EPI_ghost_learning
This code is a EPI ghost correction code using deep learning.
Paper
Juyoung Lee, Yoseob Han, Jae-Kyun Ryu, Jang-Yeon Park and Jong Chul Ye, "k-Space Deep Learning for Reference-free EPI Ghost Correction", Magnetic Resonance in Medicine (in press), 2019
Requirements
- The codebase is implemented in Matlab.
- MatConvNet (matconvnet-1.0-beta24)
- Download the 'function' folder, and move the files on MatConvNet folder.
Dataset
- The whole data used in the paper are private data, so only some sample data are uploaded here.

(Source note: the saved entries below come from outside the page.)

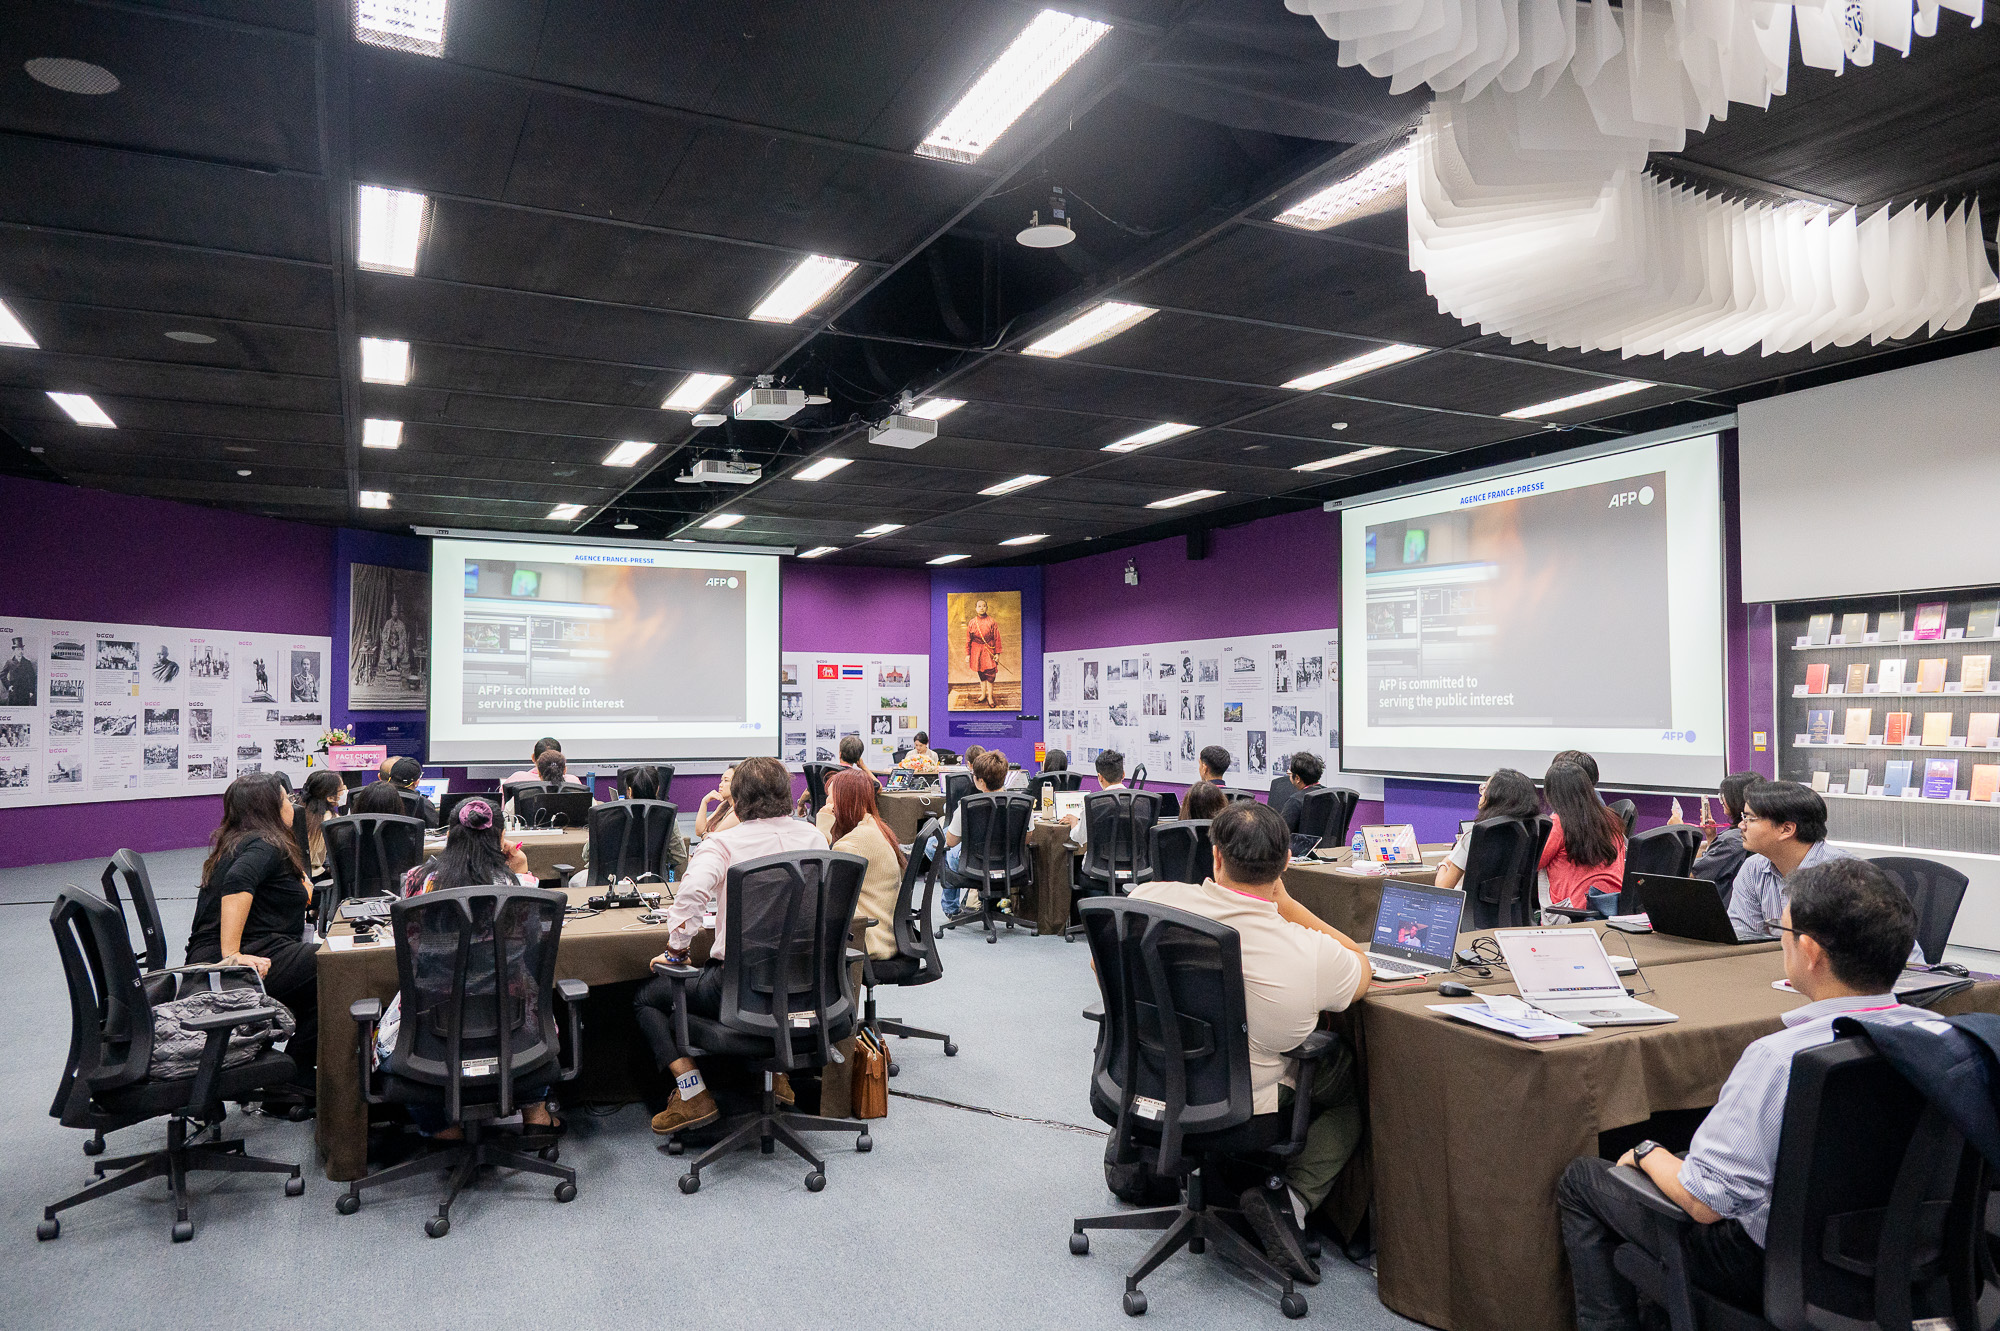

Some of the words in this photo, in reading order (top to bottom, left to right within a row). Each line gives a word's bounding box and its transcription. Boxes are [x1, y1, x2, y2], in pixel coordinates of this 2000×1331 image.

[1460, 493, 1486, 505] AGENCE
[1487, 481, 1545, 499] FRANCE-PRESSE
[1608, 491, 1638, 509] AFP
[602, 556, 655, 564] FRANCE-PRESSE
[705, 577, 727, 587] AFP
[1379, 679, 1396, 691] AFP
[1398, 677, 1407, 690] is
[1409, 675, 1464, 690] committed
[1466, 675, 1478, 688] to
[478, 685, 501, 695] AFP
[503, 685, 513, 695] is
[515, 685, 577, 695] committed
[578, 685, 591, 695] to
[478, 698, 522, 711] serving
[523, 698, 543, 708] the
[545, 698, 580, 711] public
[582, 698, 625, 708] interest
[1379, 694, 1415, 710] serving
[1416, 693, 1433, 707] the
[1435, 692, 1468, 709] public
[1470, 692, 1514, 706] interest
[1662, 731, 1684, 741] AFP

- The data are 3T MR EPI brain image. Input data is a ghost image, and the label data is a free-ghost image. For the label data, ghost is removed by using ALOHA.
Training
- Main file to train is 'main_ghost_learning.m'.

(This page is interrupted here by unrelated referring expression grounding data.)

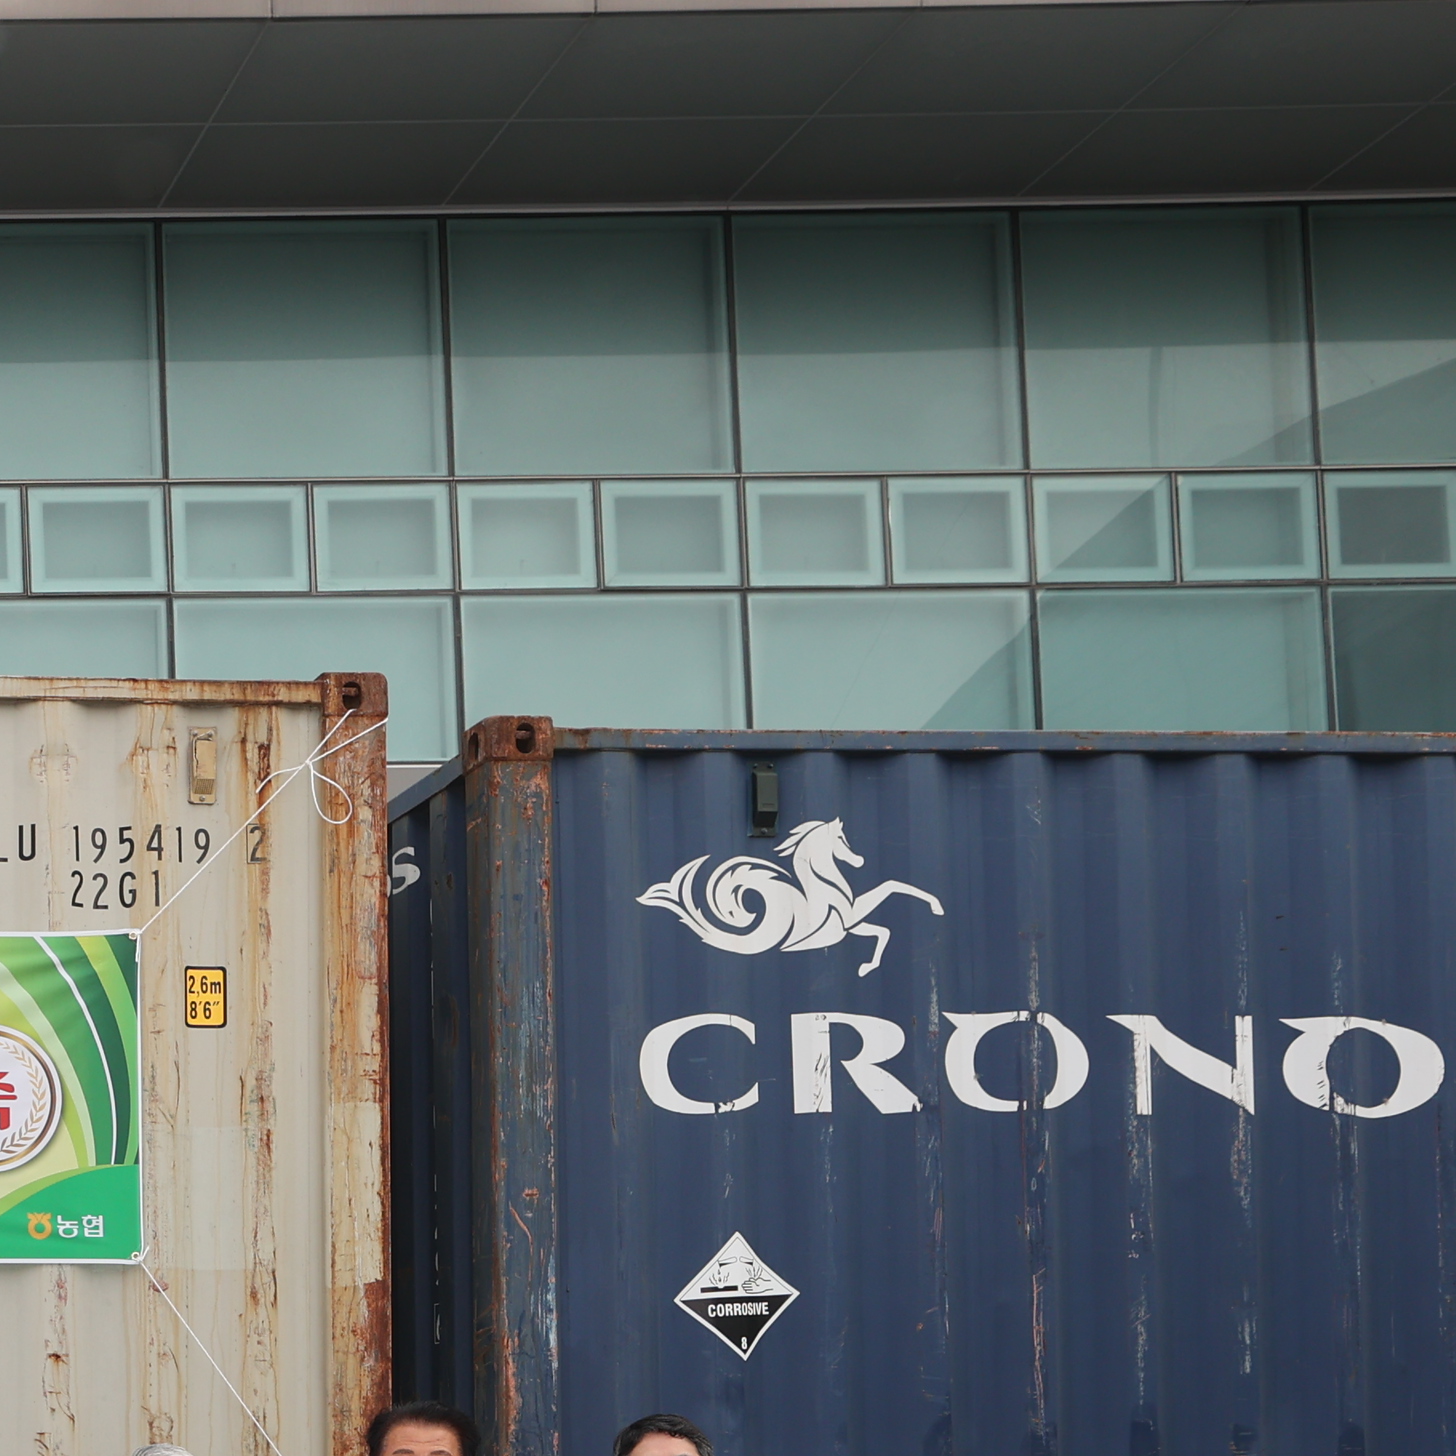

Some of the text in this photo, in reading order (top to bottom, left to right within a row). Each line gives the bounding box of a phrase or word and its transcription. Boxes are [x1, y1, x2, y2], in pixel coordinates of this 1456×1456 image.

[72, 823, 212, 864] 195419
[70, 869, 162, 909] 22G1
[638, 1010, 1446, 1119] CRONO
[56, 1214, 105, 1238] 농협
[707, 1302, 770, 1318] CORROSIVE
[741, 1336, 748, 1350] 8

- Various learning parameter(e.g. learning rate, # of epochs) can changed on this main file.
- There are some sample data in 'db' folder for training. The number of channel of input data is 2*coil.
- You can change the filter size, network depth in 'cnn_ghost_init.m'
Inference
- To inference with trained model, run display_cnn_ghost.m
- There are some sample data in 'db' folder for inference.